Reproduce the lines below exactly. Skip images.
(Beginning of MATERIAL SUPPLIED)
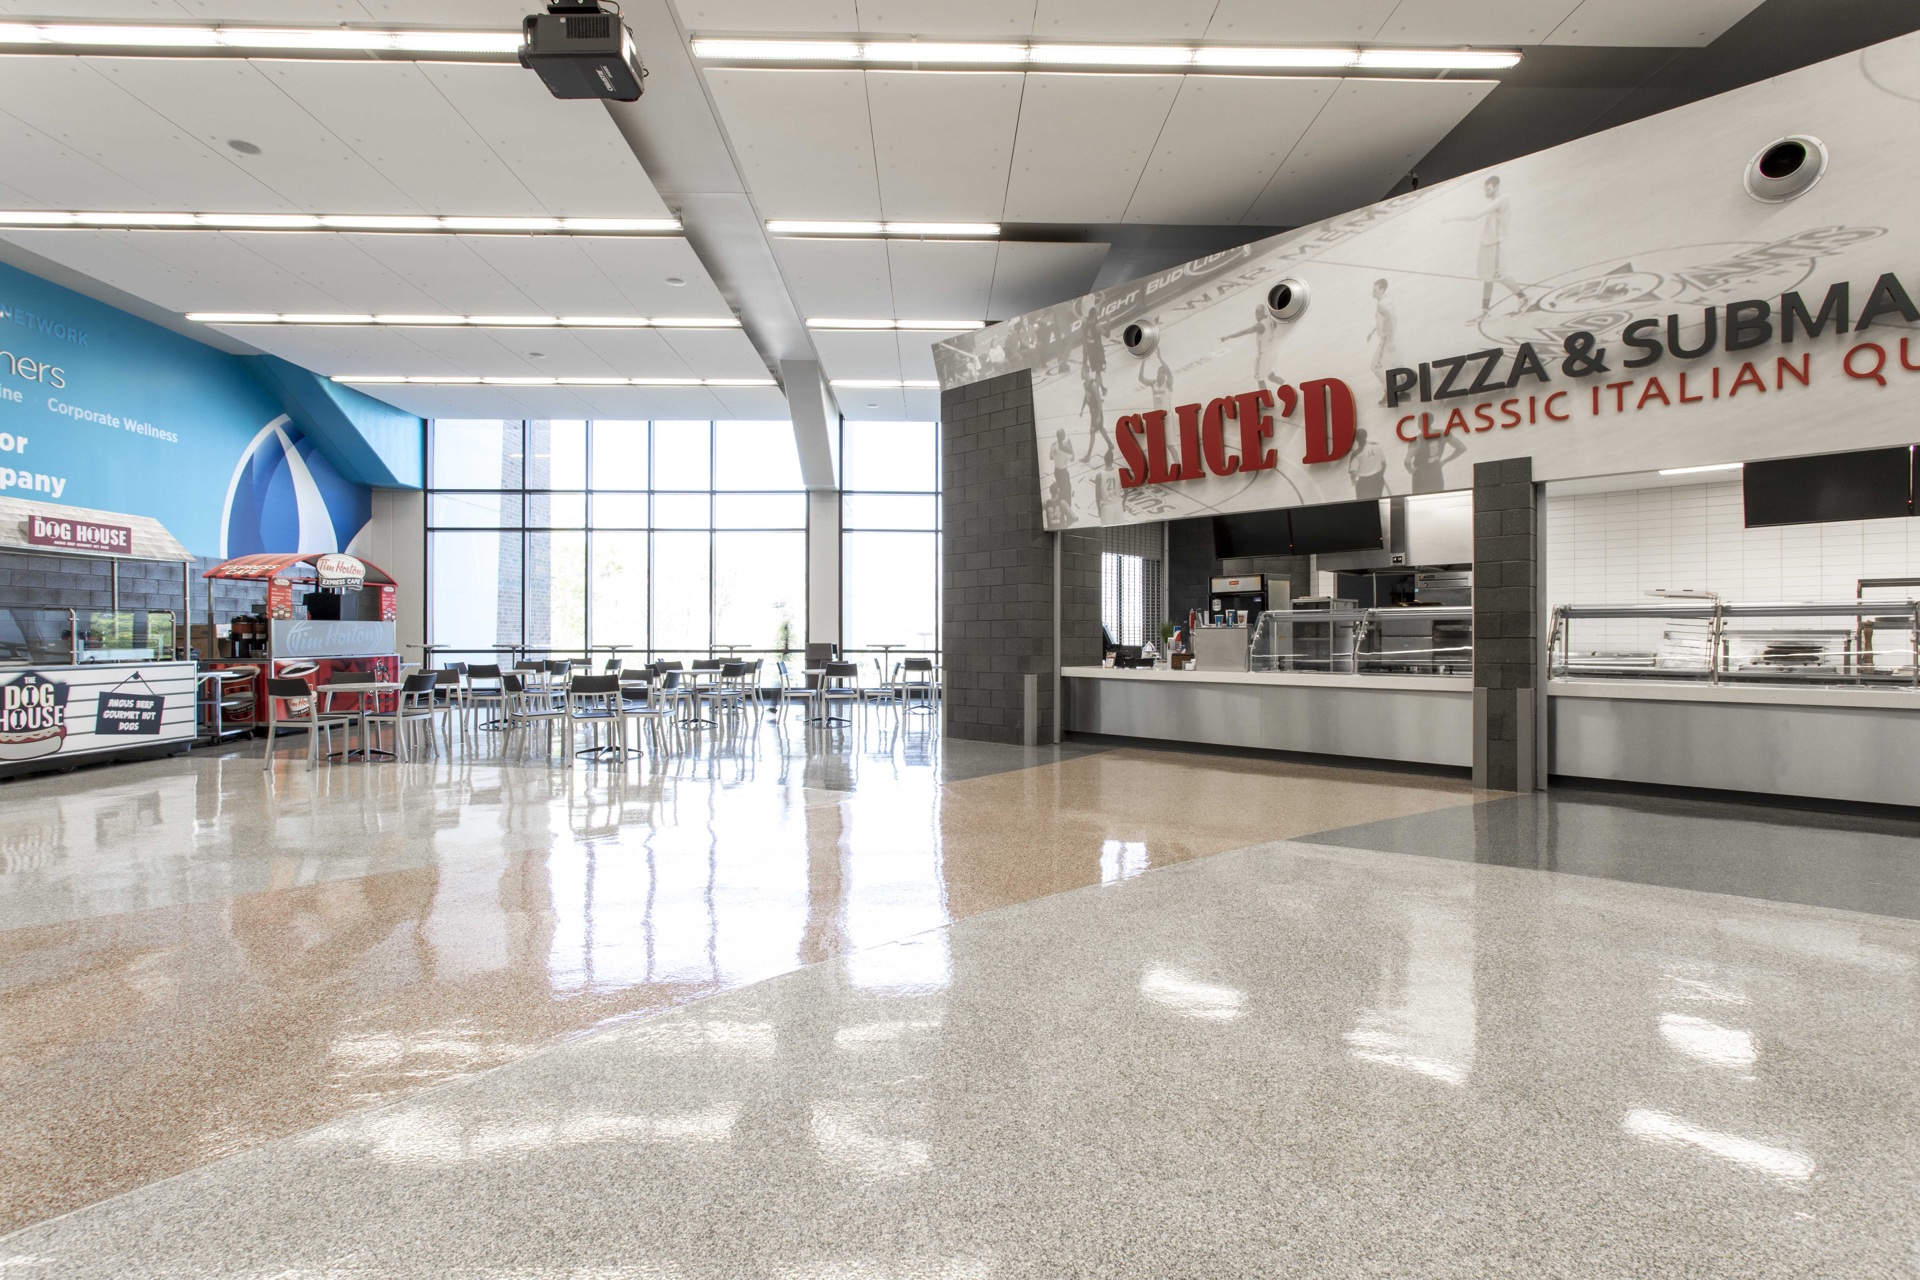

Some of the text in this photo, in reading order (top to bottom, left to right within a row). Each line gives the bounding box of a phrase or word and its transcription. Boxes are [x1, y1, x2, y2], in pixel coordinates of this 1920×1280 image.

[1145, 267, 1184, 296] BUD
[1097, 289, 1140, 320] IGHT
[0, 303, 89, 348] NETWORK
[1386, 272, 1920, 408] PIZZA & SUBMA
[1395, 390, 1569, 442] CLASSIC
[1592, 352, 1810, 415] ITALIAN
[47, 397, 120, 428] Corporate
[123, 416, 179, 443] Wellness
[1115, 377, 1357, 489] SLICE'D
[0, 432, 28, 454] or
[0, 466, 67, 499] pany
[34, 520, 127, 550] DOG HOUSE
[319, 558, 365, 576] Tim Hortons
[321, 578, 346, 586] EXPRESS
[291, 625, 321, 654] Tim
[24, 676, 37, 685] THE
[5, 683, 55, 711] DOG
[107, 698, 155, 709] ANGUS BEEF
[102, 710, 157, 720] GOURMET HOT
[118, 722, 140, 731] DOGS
(End of MATERIAL SUPPLIED)
▶ _RESULT OF THIS TASK_:
Some of the text in this photo, in reading order (top to bottom, left to right within a row). Each line gives the bounding box of a phrase or word and its transcription. Boxes are [x1, y1, x2, y2], in pixel coordinates of this 1920×1280 image.

[1145, 267, 1184, 296] BUD
[1097, 289, 1140, 320] IGHT
[0, 303, 89, 348] NETWORK
[1386, 272, 1920, 408] PIZZA & SUBMA
[1395, 390, 1569, 442] CLASSIC
[1592, 352, 1810, 415] ITALIAN
[47, 397, 120, 428] Corporate
[123, 416, 179, 443] Wellness
[1115, 377, 1357, 489] SLICE'D
[0, 432, 28, 454] or
[0, 466, 67, 499] pany
[34, 520, 127, 550] DOG HOUSE
[319, 558, 365, 576] Tim Hortons
[321, 578, 346, 586] EXPRESS
[291, 625, 321, 654] Tim
[24, 676, 37, 685] THE
[5, 683, 55, 711] DOG
[107, 698, 155, 709] ANGUS BEEF
[102, 710, 157, 720] GOURMET HOT
[118, 722, 140, 731] DOGS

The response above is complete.